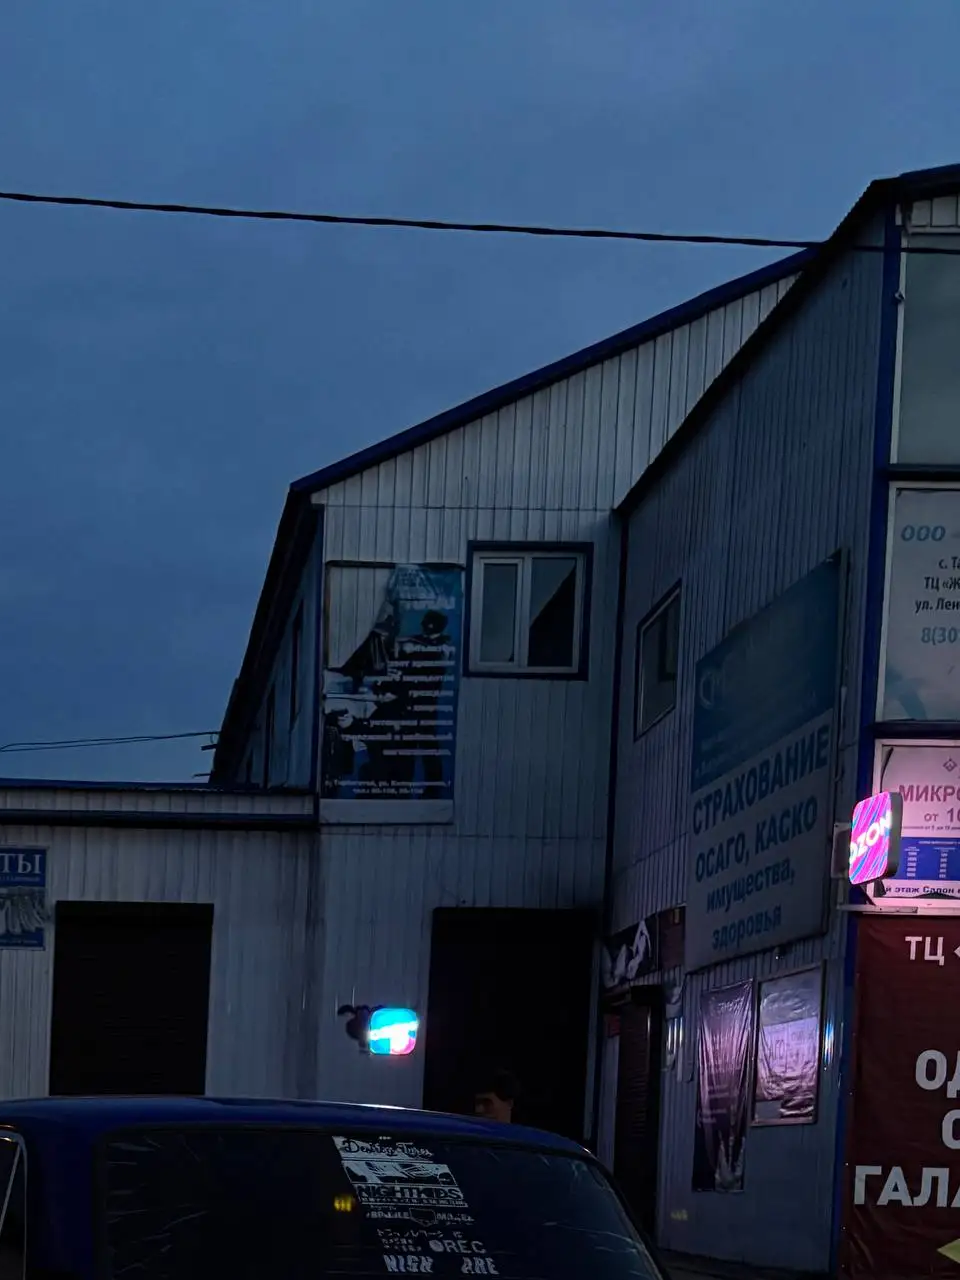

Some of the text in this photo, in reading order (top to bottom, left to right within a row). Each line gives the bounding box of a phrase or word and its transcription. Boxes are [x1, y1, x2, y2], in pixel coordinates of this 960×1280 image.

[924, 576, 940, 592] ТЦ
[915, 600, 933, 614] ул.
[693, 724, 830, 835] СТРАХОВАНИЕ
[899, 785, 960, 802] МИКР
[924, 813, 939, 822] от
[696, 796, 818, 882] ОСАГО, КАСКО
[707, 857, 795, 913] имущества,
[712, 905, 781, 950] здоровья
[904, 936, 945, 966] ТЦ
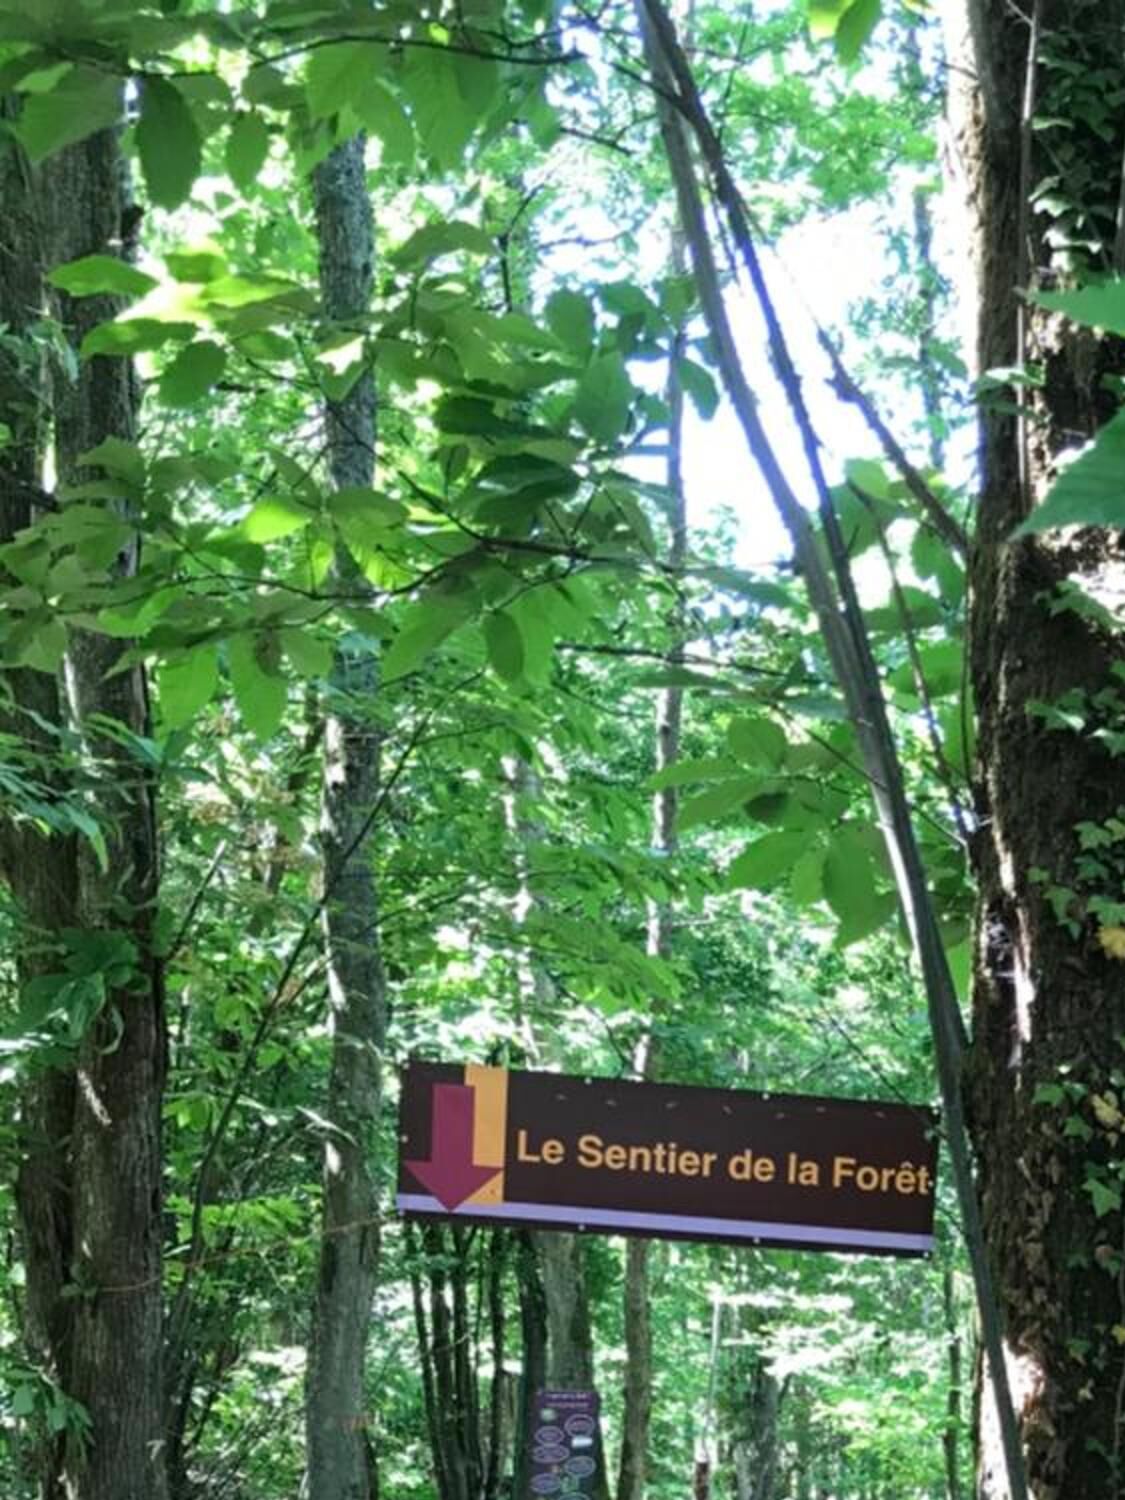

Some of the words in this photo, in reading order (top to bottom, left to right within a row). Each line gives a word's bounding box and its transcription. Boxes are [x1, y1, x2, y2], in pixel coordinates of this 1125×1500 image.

What to produce: Nothing but the exact text of the records should appear in your answer, with no pictures. Please write it out.

Output of the exercise:
Some of the text in this photo, in reading order (top to bottom, left to right within a row). Each line gives the bounding box of a phrase or word and its transcription. Boxes are [x1, y1, x2, y2], in pixel coordinates of this 960×1280 image.

[924, 576, 940, 592] ТЦ
[915, 600, 933, 614] ул.
[693, 724, 830, 835] СТРАХОВАНИЕ
[899, 785, 960, 802] МИКР
[924, 813, 939, 822] от
[696, 796, 818, 882] ОСАГО, КАСКО
[707, 857, 795, 913] имущества,
[712, 905, 781, 950] здоровья
[904, 936, 945, 966] ТЦ

Some of the words in this photo, in reading order (top to bottom, left to right within a row). Each line gives a word's bounding box and its transcription. Boxes are [x1, y1, x2, y2], in pixel coordinates of this 1125×1500 image.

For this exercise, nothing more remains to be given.